The PROG CAL is an in vitro diagnostic product for the calibration of the Progesterone (PROG) assay on the Dimension Vista® System.

PROG CAL is a single analyte, liquid, frozen, product containing progesterone and preservatives in a human serum base, for in vitro diagnostic use. Contains human source material. Each donor unit used in the preparation of this product was tested by FDA-approved methods for the presence of antibodies to Human Immunodeficiency Virus Type 1 (HIV-1) and Type 2 (HIV-2), as well as for Hepatitis B surface Antigen and antibody to Hepatitis C Virus (HCV), and found to be negative (not repeatedly reactive). Because no testing can offer complete assurance that these or other infectious agents are absent, this material should be handled using good laboratory practice to avoid skin contact and ingestion. The kit consists of ten vials, two each of five levels containing 1 mL per vial.

The provided text describes a 510(k) submission for a medical device (Siemens Healthcare Diagnostics Dimension Vista® Progesterone Calibrator) and focuses on demonstrating substantial equivalence to a predicate device. It does not contain information about the acceptance criteria or a study proving the device meets those criteria, as typically found in clinical performance studies. The document primarily details the device's technical specifications, intended use, and a comparison to a similar, already-marketed device for the purpose of regulatory clearance.

Therefore, many of the requested details, such as sample size, data provenance, expert qualifications, adjudication methods, MRMC studies, standalone performance, and ground truth for training sets, are not applicable or not mentioned in this regulatory submission for a calibrator.

However, I can extract the information that is present:

1. Table of Acceptance Criteria and Reported Device Performance:

The document doesn't explicitly state quantitative acceptance criteria in a table format for device performance in the way a clinical study would. The primary "performance" discussed relates to stability and value assignment, which are confirmed to meet "defined acceptance criteria" without specifying the exact criteria or the numerical results of those criteria in detail.

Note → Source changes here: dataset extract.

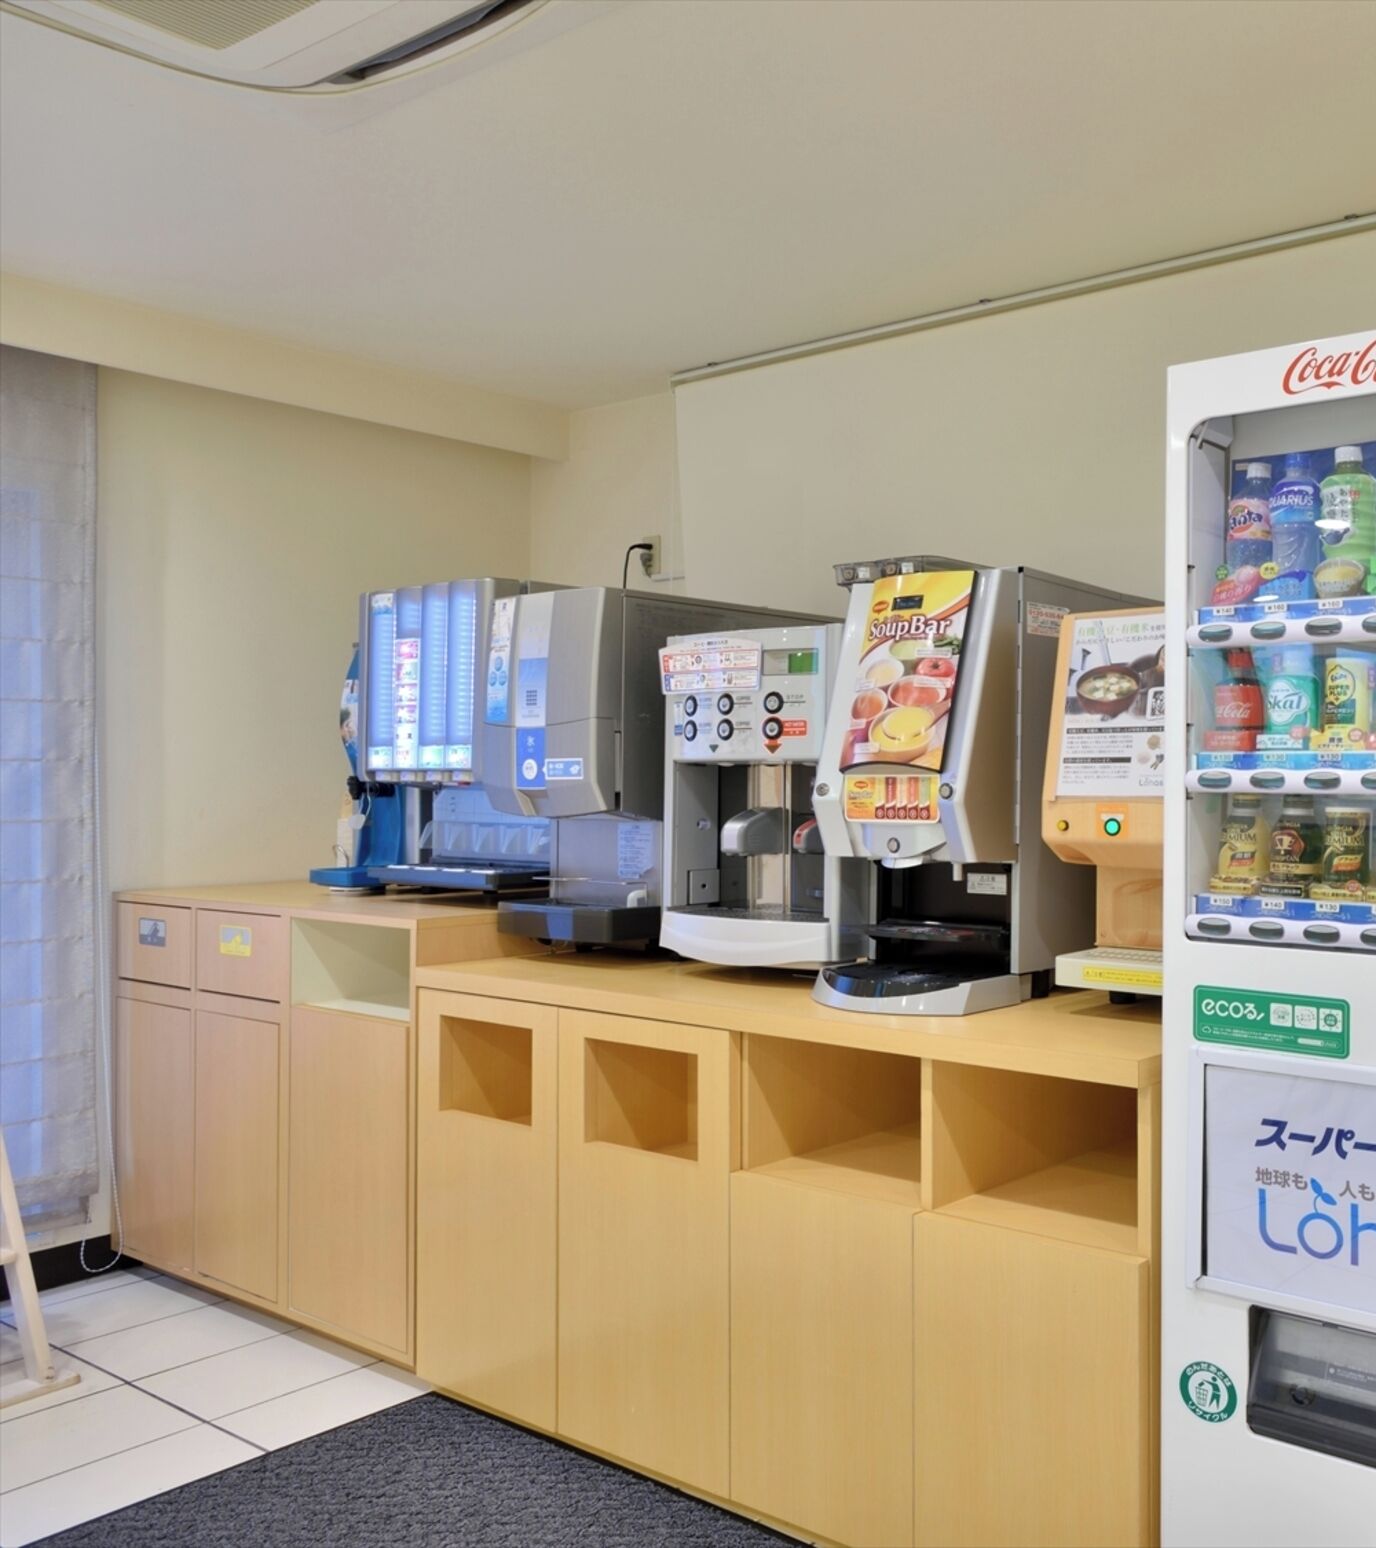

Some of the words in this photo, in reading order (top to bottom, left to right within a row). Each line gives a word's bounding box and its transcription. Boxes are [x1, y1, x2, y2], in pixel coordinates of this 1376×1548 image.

[1268, 494, 1314, 508] UARIUS
[1228, 510, 1264, 531] anta
[1255, 1166, 1309, 1191] 地球も

2. Sample Size for Test Set and Data Provenance:

• Sample Size for Test Set: Not explicitly stated as a separate "test set" in the context of clinical performance. For value assignment, "45 replicates" were used for each calibrator level to determine the mean bottle value. For stability, multiple calibrator levels were tested over time.
• Data Provenance: Not specified. Likely internal laboratory data from Siemens Healthcare Diagnostics. Given it's a calibrator, the "data" would be analytical measurements rather than patient data.
• Retrospective/Prospective: Not explicitly stated. Stability studies generally imply a prospective monitoring over time.

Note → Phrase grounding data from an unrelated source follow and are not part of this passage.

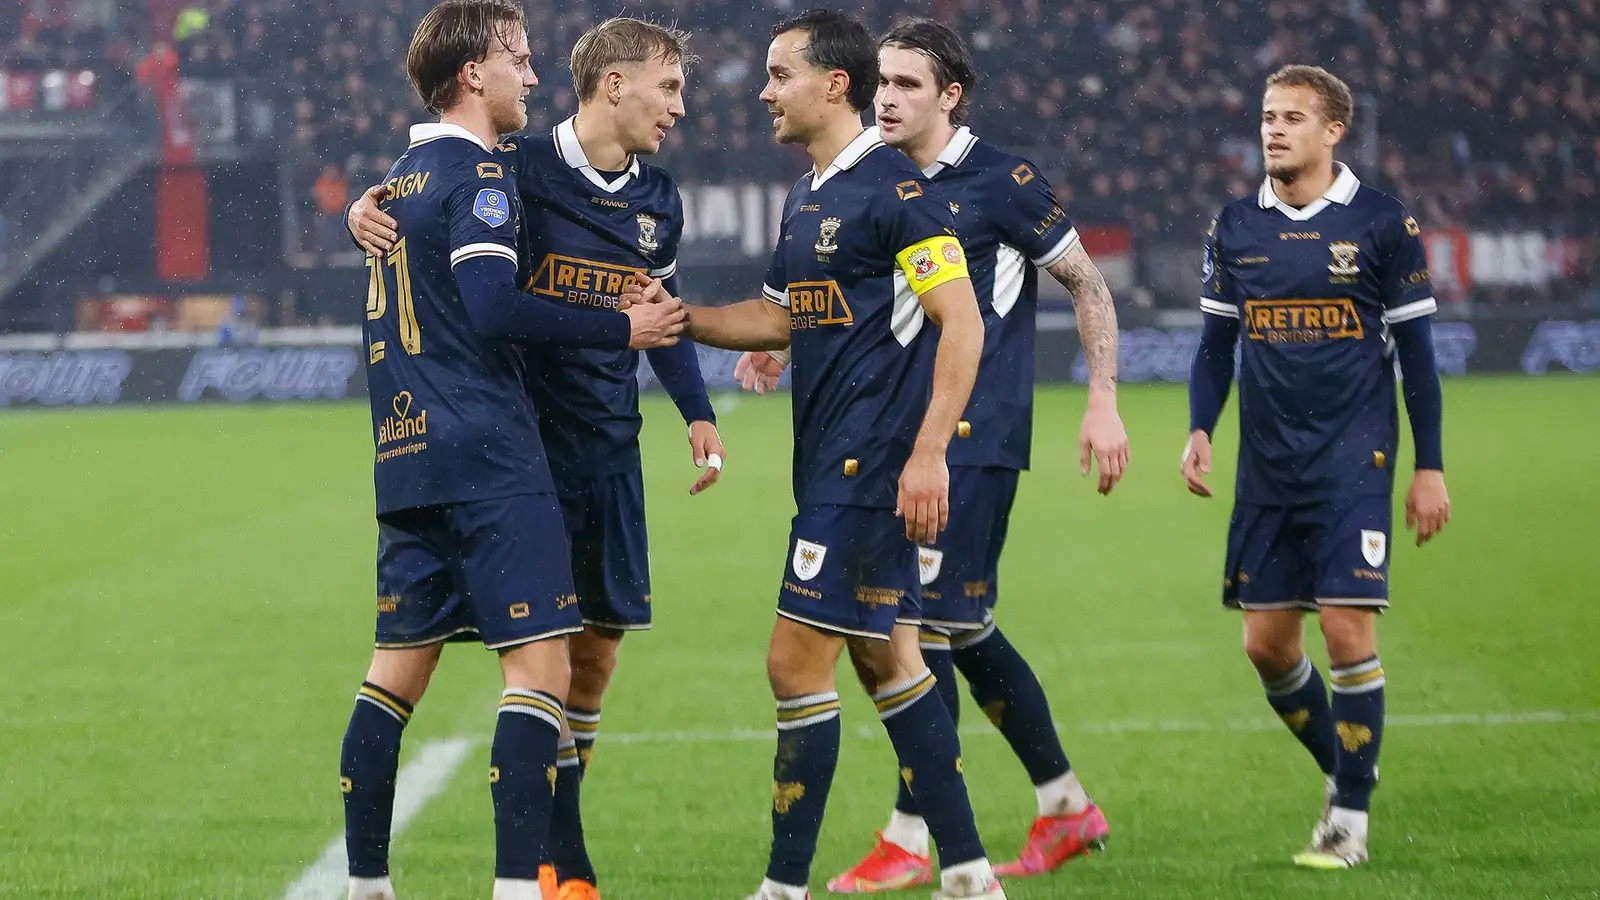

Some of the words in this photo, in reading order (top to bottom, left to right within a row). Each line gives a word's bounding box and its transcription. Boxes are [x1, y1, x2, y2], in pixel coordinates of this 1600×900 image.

[380, 171, 430, 204] SIGN
[567, 290, 621, 310] BRIDGE
[1255, 306, 1341, 329] RETRO
[1267, 328, 1323, 344] BRIDGE
[0, 350, 132, 405] OUR
[178, 349, 359, 402] FOUR

3. Number of Experts Used to Establish Ground Truth for the Test Set and Qualifications:

• Not applicable in the context of calibrator performance. Ground truth for progesterone concentration is established through a reference method (ID/GC/MS), not expert consensus.

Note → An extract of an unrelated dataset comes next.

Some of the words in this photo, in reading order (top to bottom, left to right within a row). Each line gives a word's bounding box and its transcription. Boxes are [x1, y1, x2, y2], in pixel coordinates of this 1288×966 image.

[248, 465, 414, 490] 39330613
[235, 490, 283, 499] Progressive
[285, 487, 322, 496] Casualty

4. Adjudication Method for the Test Set:

• Not applicable. The ground truth is based on an analytical reference method (ID/GC/MS) rather than subjective interpretation requiring adjudication.

5. Multi-Reader Multi-Case (MRMC) Comparative Effectiveness Study:

• No. This is a calibrator, not an AI-assisted diagnostic device that would involve human readers interpreting images or results. Therefore, an MRMC study is not relevant.

6. Standalone Performance Study:

• Yes, indirectly. The stability testing and value assignment studies describe the performance of the calibrator itself (algorithm/device only in this context) to ensure it performs as expected over time and accurately assigns progesterone values. These studies confirm its analytical performance in a standalone capacity.

7. Type of Ground Truth Used:

• Reference Method Traceability: The "ground truth" for the progesterone concentrations in the calibrator levels is established through traceability to the Isotope Dilution Gas Chromatography Mass Spectrometry (ID/GC/MS) reference measurement procedure.

8. Sample Size for the Training Set:

• Not applicable. This is a calibrator, not a machine learning algorithm that requires a "training set" in the conventional sense. Its values are assigned based on measurements, not learning from data.

9. How the Ground Truth for the Training Set Was Established:

• Not applicable, as there is no "training set" for a calibrator. The accuracy of the calibrator's assigned values is rooted in its traceability to the ID/GC/MS reference method.